There was no calm before the storm.
It began with a surprisingly cool breeze that soon turned into a strong wind. Doors banged and window panes rattled. Dust clouds floated and whirled like mad dervishes. The people tried not to get their hopes up but the gleam in their eyes gave them away. The wind persisted, howling in their ears, whipping up the dust, scattering pieces of paper, making sails out of curtains.
A loud clap of thunder brought the neighbourhood to life. Babies began to wail and dogs barked madly. The women reached for the clothes hanging on the lines outside and shouted instructions to their husbands. Doors were latched, windows that had been pushed open as wide as they would go, were pulled shut. The children ran to the balconies to watch, aware of the sudden excitement in the air, the crackle and sizzle of it. A fork of lightning streaked down in the night sky – terrifying and captivating. Following close on its heels, another loud boom sounded from the skies. Even the most cynical husband and the most disbelieving wife now looked expectantly at the sky - the Nor’Westers might have finally found the way to their homes.

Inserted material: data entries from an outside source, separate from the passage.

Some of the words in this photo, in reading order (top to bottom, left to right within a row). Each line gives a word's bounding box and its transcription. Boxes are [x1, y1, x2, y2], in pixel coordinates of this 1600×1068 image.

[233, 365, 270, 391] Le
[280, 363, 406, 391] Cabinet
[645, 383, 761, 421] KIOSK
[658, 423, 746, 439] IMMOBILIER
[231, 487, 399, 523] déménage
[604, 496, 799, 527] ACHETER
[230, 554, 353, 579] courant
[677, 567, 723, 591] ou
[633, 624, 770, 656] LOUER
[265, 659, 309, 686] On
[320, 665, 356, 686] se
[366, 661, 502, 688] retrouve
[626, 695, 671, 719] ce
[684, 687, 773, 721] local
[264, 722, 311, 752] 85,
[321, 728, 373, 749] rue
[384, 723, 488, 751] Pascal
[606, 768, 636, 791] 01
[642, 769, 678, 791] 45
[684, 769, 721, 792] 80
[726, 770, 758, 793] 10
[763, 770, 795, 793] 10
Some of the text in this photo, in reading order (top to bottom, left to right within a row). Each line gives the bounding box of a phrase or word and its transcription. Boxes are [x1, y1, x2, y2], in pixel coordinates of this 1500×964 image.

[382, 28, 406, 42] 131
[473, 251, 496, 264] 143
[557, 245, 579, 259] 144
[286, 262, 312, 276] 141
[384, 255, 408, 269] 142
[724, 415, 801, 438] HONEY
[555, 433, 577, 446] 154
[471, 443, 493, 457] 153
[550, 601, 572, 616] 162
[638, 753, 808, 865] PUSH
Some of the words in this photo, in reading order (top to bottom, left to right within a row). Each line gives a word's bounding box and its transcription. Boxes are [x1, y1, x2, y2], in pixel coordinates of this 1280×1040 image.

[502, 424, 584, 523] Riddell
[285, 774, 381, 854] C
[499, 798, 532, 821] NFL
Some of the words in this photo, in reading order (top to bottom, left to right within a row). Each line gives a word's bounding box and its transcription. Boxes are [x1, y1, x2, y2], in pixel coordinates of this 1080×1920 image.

Big fat drops of rain fell onto the parched grey street. Slowly but yet so fast, the distance between the drops lessened and their frequency increased. It was actually raining. Slowly at first and then in a hard, dense sheet that pounded the ground beneath and raised a familiar smell of wet earth. The rain seemed to make up for its absence with a ferocity that looked unstoppable. The people stood on their verandahs and near their windows, peering out at the rain and feeling its spray on their faces. The street urchins rushed into the cascade, screaming and dancing for joy. The lightning made the raindrops glitter like diamonds as they fell.
The smell of the rain was like the earth’s sigh of relief.